Adam Fields (weblog)

This blog is largely deprecated, but is being preserved here for historical interest. Check out my index page at adamfields.com for more up to date info. My main trade is technology strategy, process/project management, and performance optimization consulting, with a focus on enterprise and open source CMS and related technologies. More information. I write periodic long pieces here, shorter stuff goes on twitter or app.net.

10/24/2008

Shifting the Debate

My company (Morningside Analytics) has just launched our Political Video Barometer, which tracks the movement of YouTube videos through conservative and liberal blogs:

http://www.shiftingthedebate.com/shifting/videobarometer.html

The Barometer is updated 4 times a day and allows you to see which new videos are starting to break through within either the conservative or liberal blogs and which ones are breaking through to non-political audiences. We identify influential blogs through a unique cutting edge clustering approach – the underlying technology was also used earlier this year to produce this detailed report on Iran’s blogosphere for the Berkman Center at Harvard.
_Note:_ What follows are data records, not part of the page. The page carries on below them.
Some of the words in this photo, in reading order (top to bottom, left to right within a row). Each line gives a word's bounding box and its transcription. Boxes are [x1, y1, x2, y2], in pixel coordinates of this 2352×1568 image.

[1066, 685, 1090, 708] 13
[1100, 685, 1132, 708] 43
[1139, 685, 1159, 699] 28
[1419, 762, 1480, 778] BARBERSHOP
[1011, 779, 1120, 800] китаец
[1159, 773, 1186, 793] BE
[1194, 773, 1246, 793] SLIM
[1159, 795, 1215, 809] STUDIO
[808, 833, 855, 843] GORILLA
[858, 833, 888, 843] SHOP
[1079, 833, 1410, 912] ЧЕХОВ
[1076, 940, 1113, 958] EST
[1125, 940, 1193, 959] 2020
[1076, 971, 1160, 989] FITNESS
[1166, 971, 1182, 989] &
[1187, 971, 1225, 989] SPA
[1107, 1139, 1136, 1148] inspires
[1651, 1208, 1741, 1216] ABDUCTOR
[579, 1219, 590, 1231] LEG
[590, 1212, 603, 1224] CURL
We are also running a blog at http://www.shiftingthedebate.com which will examine interesting findings from the barometer.
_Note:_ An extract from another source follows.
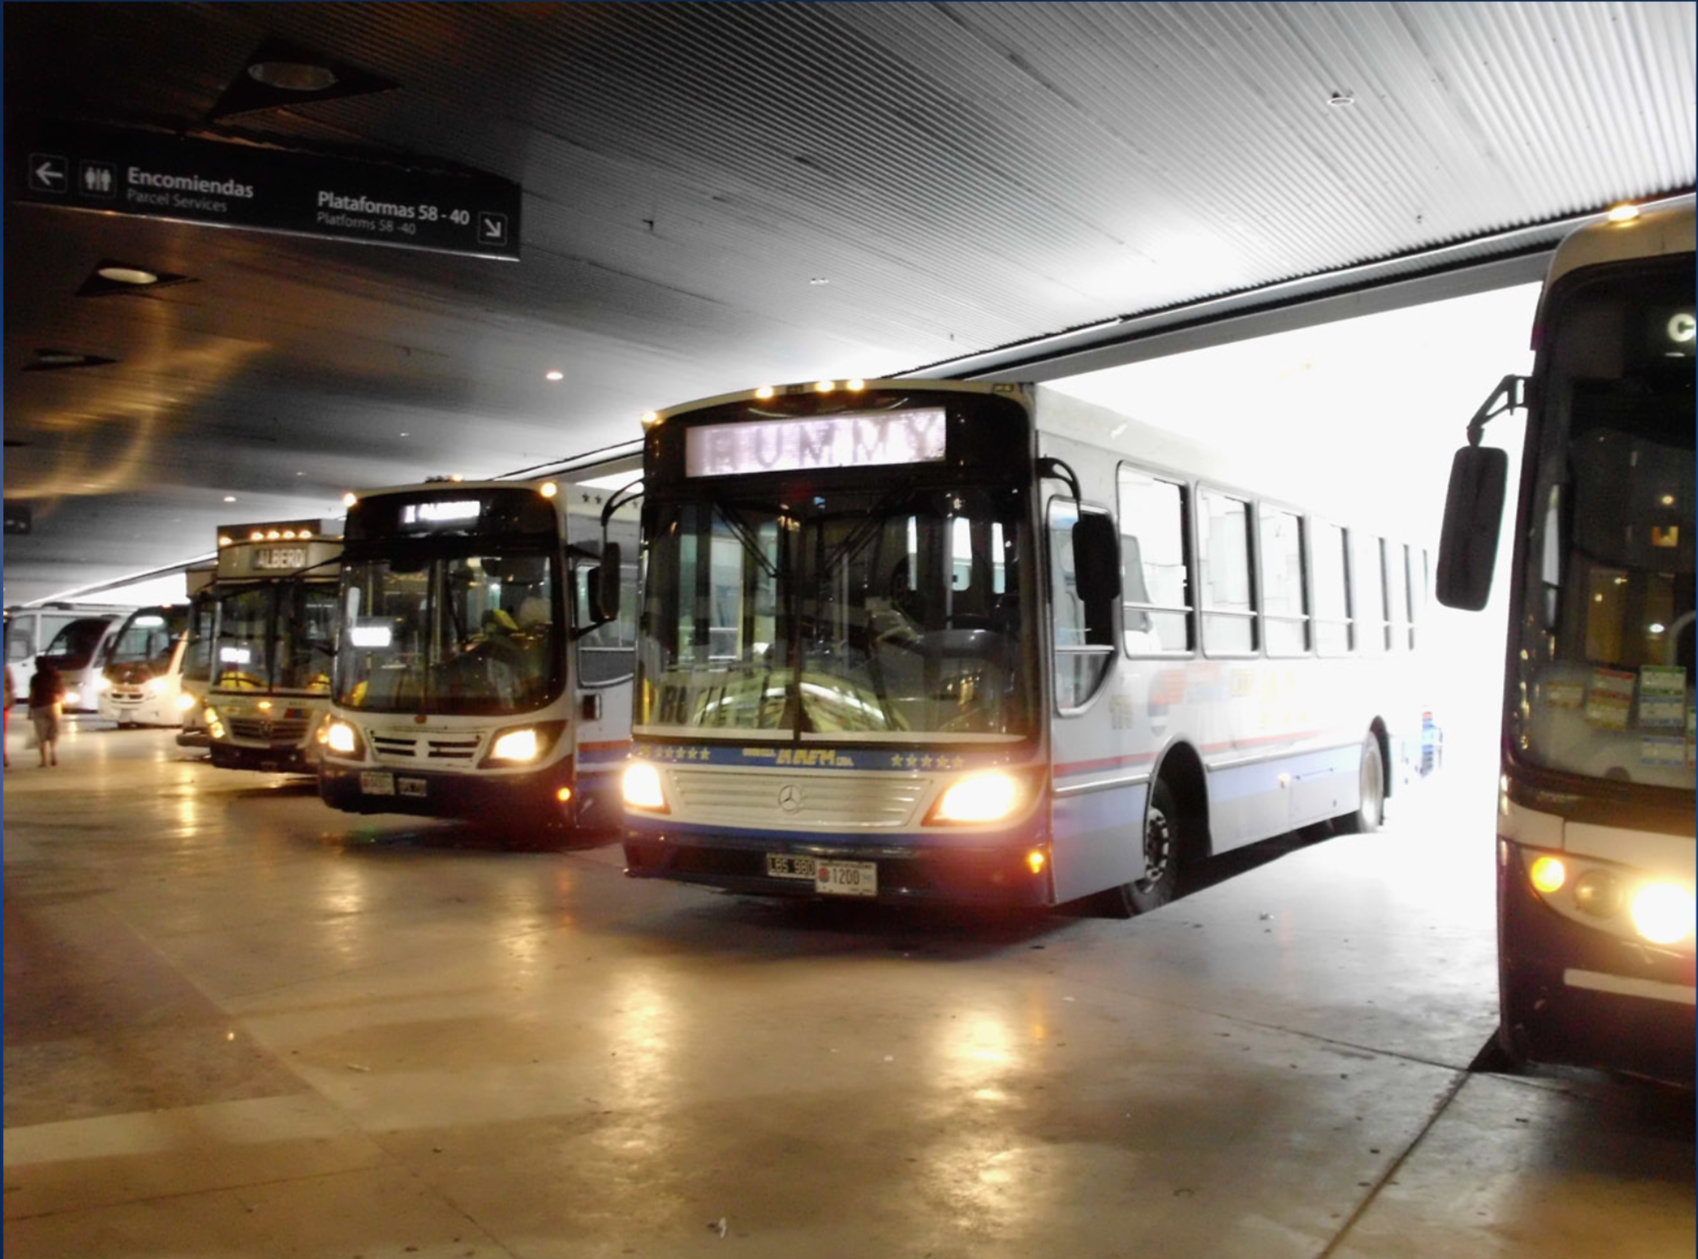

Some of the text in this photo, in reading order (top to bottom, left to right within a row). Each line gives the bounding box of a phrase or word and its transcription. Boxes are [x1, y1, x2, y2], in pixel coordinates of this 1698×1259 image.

It’s always fun to launch a new product. We worked very hard on this, and I’m proud of it.

Enjoy!


10/16/2008

Why the Mac is better.

Filed under: — adam @ 10:16 pm

This is a list I put together for my father. I thought you’d enjoy it. Got anything to add?

I’ve been putting together a more detailed response for you. There’s a reason why nearly every computer professional I work with has switched to the Mac in the past few years.

This is the short list:

1. It actually is more stable. It is very very difficult to crash the OS entirely. The only time I’ve done it is when running Windows in a virtual machine, because of the trickery needed to accomplish that in the first place. When you kill programs that aren’t responding, they almost always die and can be restarted. This may not be a huge problem for you, since you only use about 5 applications. I use well over a hundred, and on Windows, this was a disaster – anything misbehaving could lock up the entire system. It simply doesn’t happen that way on the Mac.
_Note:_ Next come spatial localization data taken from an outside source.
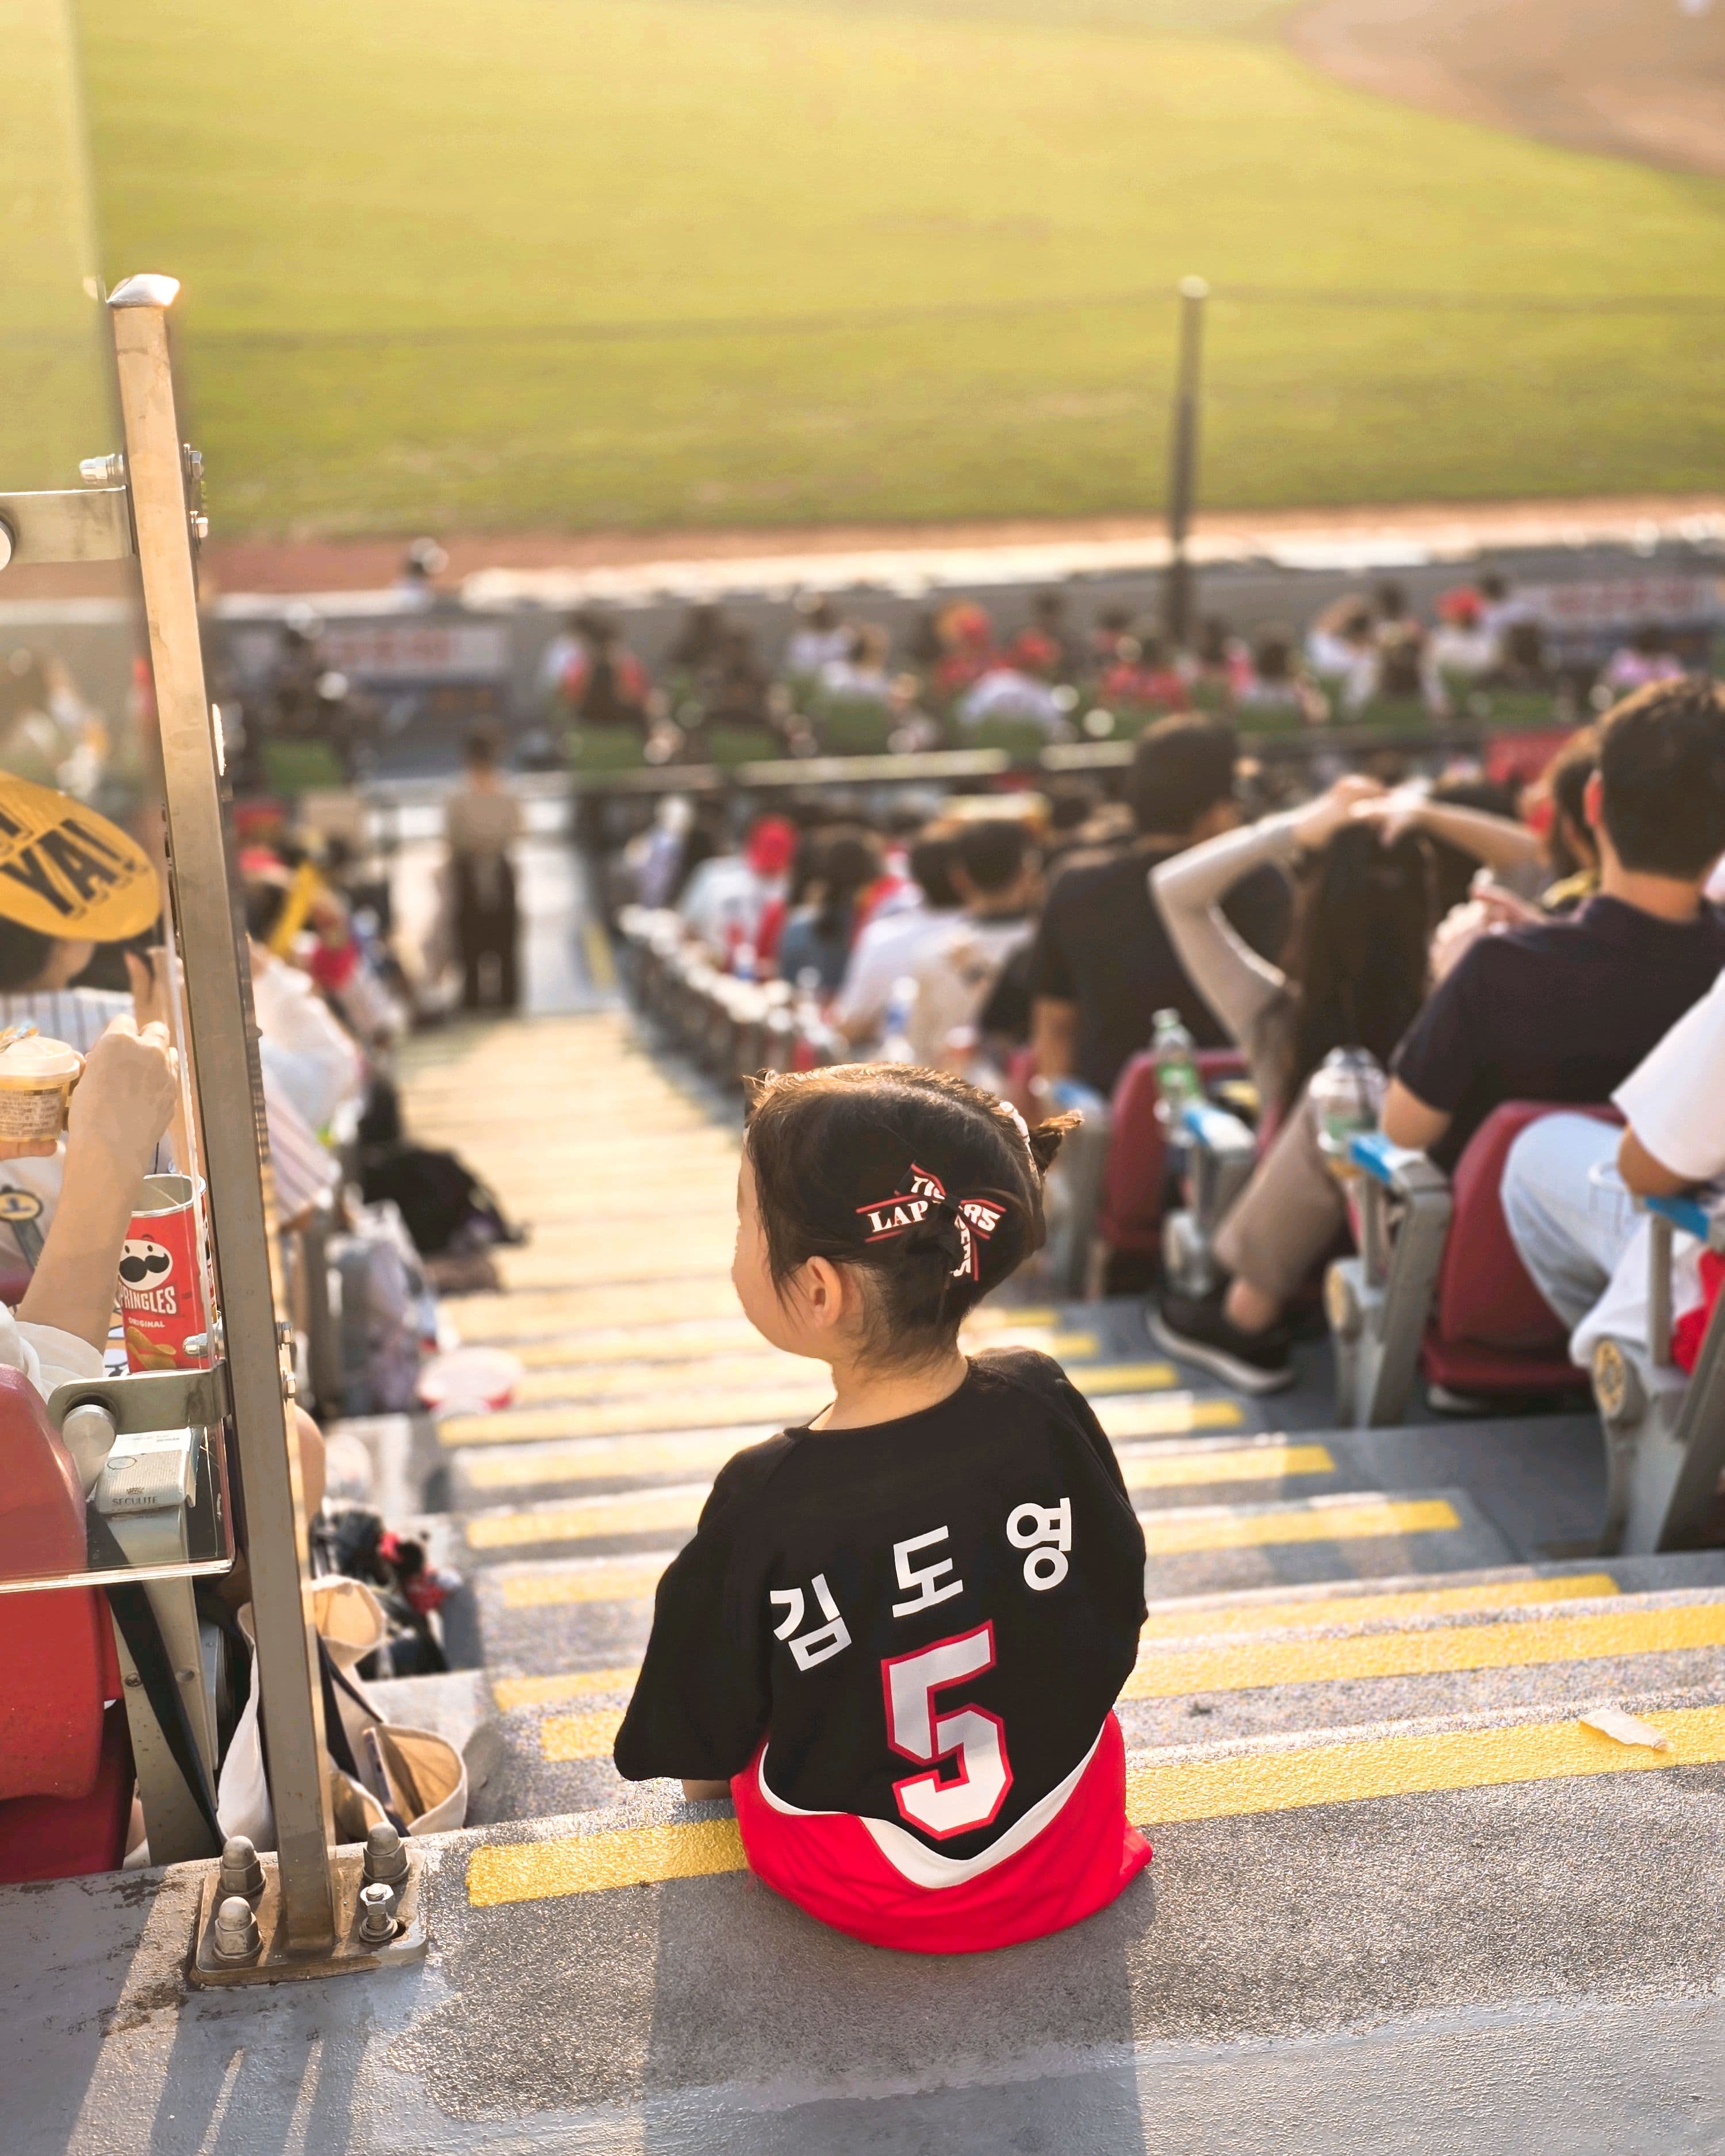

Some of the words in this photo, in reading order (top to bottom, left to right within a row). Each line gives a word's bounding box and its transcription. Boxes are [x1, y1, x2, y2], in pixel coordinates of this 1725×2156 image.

[0, 818, 136, 916] YA!
[867, 1200, 929, 1233] LAP
[958, 1204, 1001, 1232] RS
[118, 1282, 177, 1314] PRINGLES
[128, 1317, 166, 1328] ORIGINAL
[880, 1619, 1014, 1840] 5
2. It is >far< easier to maintain. This is actually a few thousand things of various severities, but some highlights:

- You know how when you get a new Windows machine, you have to reinstall everything and search around all over the disk for where your files and preferences might be? On the Mac, you don't have to do any of that. Everything specific to you goes in your home directory, and your Applications go in your /Applications folder. 99% of everything will work if you just copy those two folders. When you install software, there's usually no installer to run, you just copy the application to the Applications folder. This clean split between application preferences and user preferences also means that having multiple users on the same machine just works, every time. No weird "some other user accidentally modified the global settings".

- Moreover, you don't have to actually do that to be up and running quickly, because you can just make a copy of an existing drive and boot off of that. This won't screw up any hidden settings the way it will on Windows. (It may sort of work, but it'll never be "quite right".) You can keep a running backup of your boot drive that automatically updates. If anything happens to your boot drive, you pop it out, pop the backup in, buy a replacement backup, and it's as if you never left. Someday, you're going to have a hard drive fail, and when that happens, you're going to suddenly realize that there's a lot of stuff you had strewn around your drive that you never found to back up, and it'll be gone forever (or you can spend a few thousand dollars for a slim chance to recover bits and pieces of it in probably mostly unusable forms from a drive recovery service).

- You don't have to worry about viruses or spyware. Nothing runs with administrator privileges by default, the system is very well locked down, and there's no need to run anti-virus or anti-spyware software, because no software can install itself without your permission. Granted, it's not perfect and there are some security holes, but no system is 100% secure and it's orders of magnitude better than Windows in this respect.

3. Laptop sleep works. I've never had a Windows laptop that came back from sleep reliably. The last one sometimes took up to 30 minutes to restore. Unacceptable.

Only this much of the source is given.